Les copieux suppléments qui accompagnent les quatre films proposés dans ce coffret permettent de mieux comprendre le cinéaste américain. A commencer par son style, d'abord, fait d'excès et de flamboyance géniale. Et pour se faire une idée de la façon dont Douglas Sirk s'approprie une histoire, l'éditeur a eu la très bonne idée d'inclure deux films de John Stahl, tournés dans les années 30, et dont Sirk a réalisé les remakes :
Le secret magnifique en 1935, revisité par Sirk en 1954, et
Images de la vie, tourné en 1934, devenu
Mirages de la vie en 1959. La mise en parallèle du travail des deux cinéastes s'apparente à une véritable leçon de cinéma.
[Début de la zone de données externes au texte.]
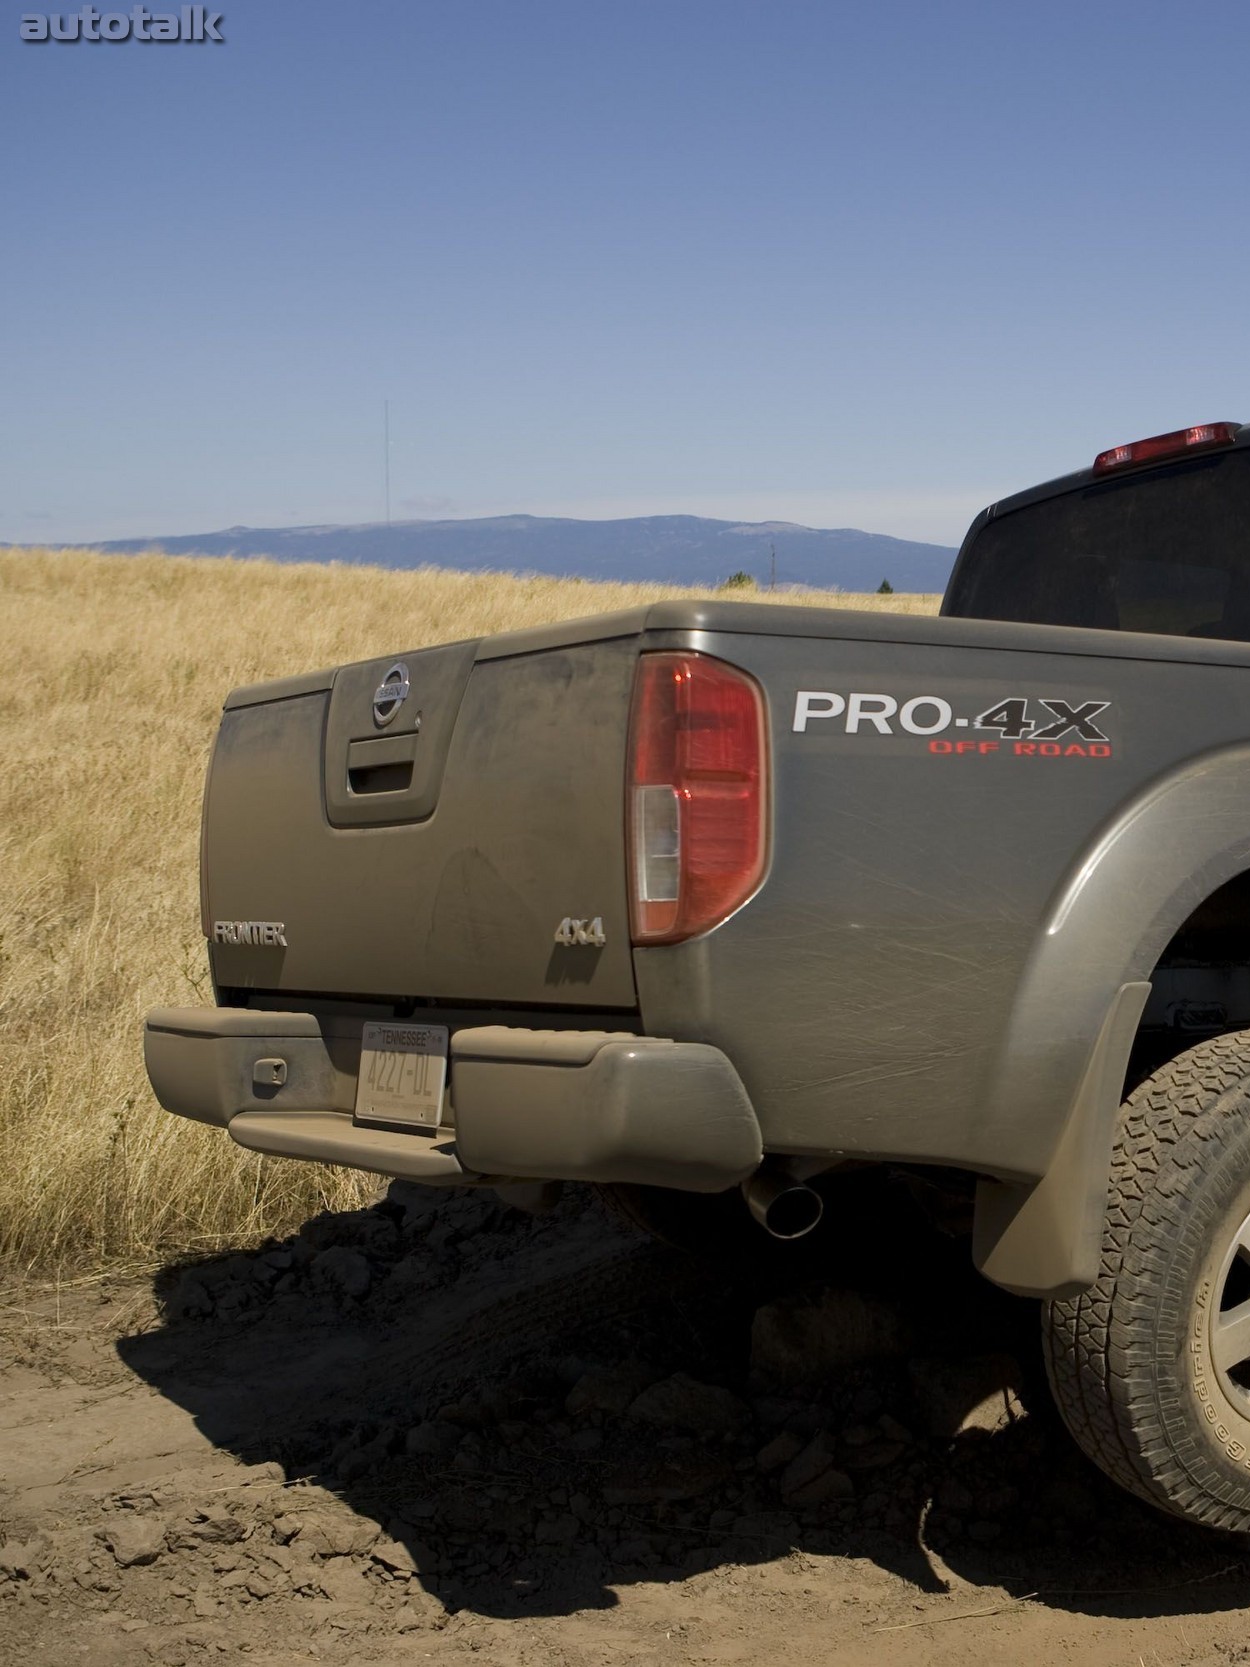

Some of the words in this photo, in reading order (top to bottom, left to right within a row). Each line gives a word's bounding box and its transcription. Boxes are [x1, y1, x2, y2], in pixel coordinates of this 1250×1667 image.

[792, 690, 1112, 742] PRO-4X
[928, 740, 1000, 755] OFF
[1013, 742, 1112, 758] ROAD
[214, 920, 288, 947] FRONTIER
[381, 1029, 427, 1047] TENNESSEE
Outre une intéressante interview de Sirk, il est passionnant de voir à quel point l'héritage du cinéaste demeure important à travers le témoignage de Christophe Honoré qui évoque
Mirages de la vie, et surtout avec François Ozon, qui, en un peu plus de 20 minutes avec
Quand la peur dévore l'âme, établit les filiations étranges qui existent entre
Tout ce que le ciel permet de Sirk, et
Tous les autres s'appellent Ali de Fassbinder, tourné au début des années 70. Passionnant.